▶ **What to work on**
Copy out each line of the listing below in which the string "Drive" occurs.

▶ **Records to use**
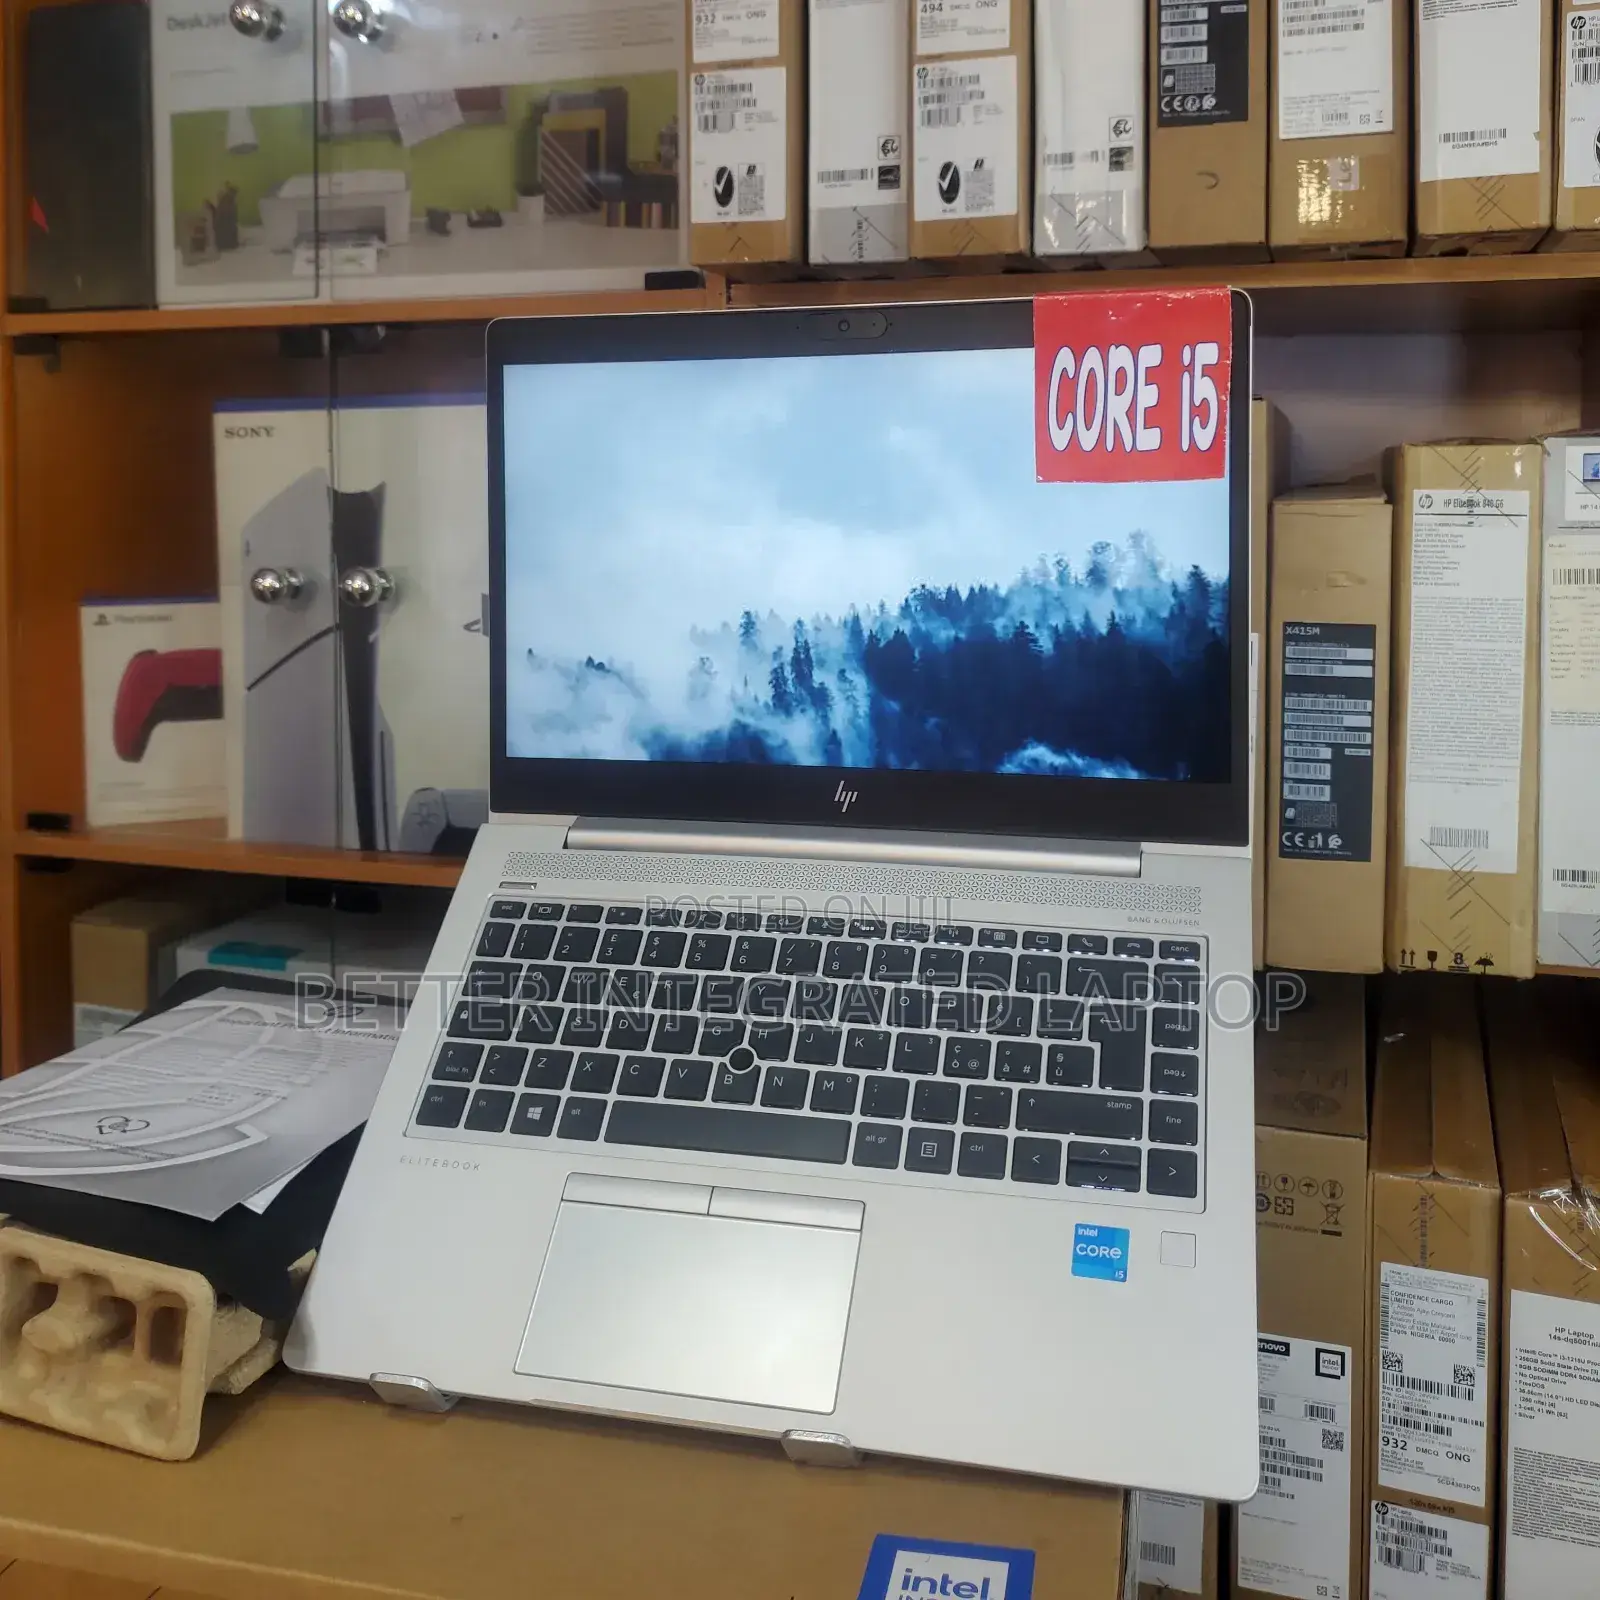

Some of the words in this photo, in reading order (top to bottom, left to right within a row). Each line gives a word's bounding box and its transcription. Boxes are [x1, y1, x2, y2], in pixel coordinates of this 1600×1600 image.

[921, 3, 943, 13] 494
[695, 13, 716, 25] 932
[1048, 343, 1163, 452] CORE
[1181, 342, 1219, 452] i5
[224, 427, 276, 439] SONY
[1443, 499, 1451, 508] HP
[1286, 626, 1320, 635] X415M
[833, 780, 859, 813] hp
[1161, 918, 1200, 926] OLUFSEN
[610, 934, 618, 942] £
[653, 937, 660, 946] $
[520, 943, 524, 951] 1
[697, 939, 706, 948] %
[562, 945, 570, 954] 2
[605, 948, 613, 956] 3
[649, 951, 657, 959] 4
[694, 952, 701, 961] 5
[739, 955, 747, 964] 6
[785, 958, 792, 967] 7
[832, 961, 839, 970] 8
[879, 965, 887, 974] 9
[619, 977, 628, 986] E
[757, 986, 766, 996] Y
[804, 989, 812, 999] U
[529, 1014, 539, 1022] A
[574, 1017, 582, 1025] S
[618, 1020, 628, 1029] D
[664, 1023, 673, 1032] F
[712, 1026, 721, 1035] G
[758, 1029, 767, 1039] H
[805, 1034, 814, 1043] J
[855, 1037, 864, 1047] K
[905, 1042, 912, 1052] L
[537, 1058, 547, 1067] Z
[582, 1061, 593, 1071] X
[968, 1059, 979, 1069] @
[630, 1065, 639, 1074] C
[678, 1068, 687, 1078] V
[1023, 1065, 1031, 1074] #
[724, 1075, 733, 1084] B
[773, 1076, 783, 1086] N
[823, 1080, 834, 1091] M
[1106, 1101, 1132, 1110] stamp
[1166, 1116, 1181, 1124] fine
[878, 1136, 886, 1144] gr
[400, 1155, 480, 1171] ELITEBOOK
[1078, 1227, 1098, 1236] intel
[1115, 1270, 1124, 1278] i5
[1390, 1290, 1429, 1303] CONFIDENCE
[1431, 1298, 1454, 1306] CARGO
[1390, 1297, 1414, 1306] LIMITED
[1568, 1329, 1595, 1340] Laptop
[1540, 1359, 1556, 1367] Solid
[1574, 1365, 1590, 1373] Drive
[1529, 1373, 1550, 1382] Optical
[1551, 1377, 1567, 1385] Drive
[1519, 1380, 1546, 1389] FreeDOS
[1518, 1412, 1535, 1420] Silver
[1382, 1436, 1408, 1451] 932
[1416, 1447, 1439, 1457] DMCQ
[1446, 1451, 1471, 1463] ONG
[1375, 1502, 1389, 1515] hp
[901, 1568, 993, 1600] intel

▶ **Result below**
[1574, 1365, 1590, 1373] Drive
[1551, 1377, 1567, 1385] Drive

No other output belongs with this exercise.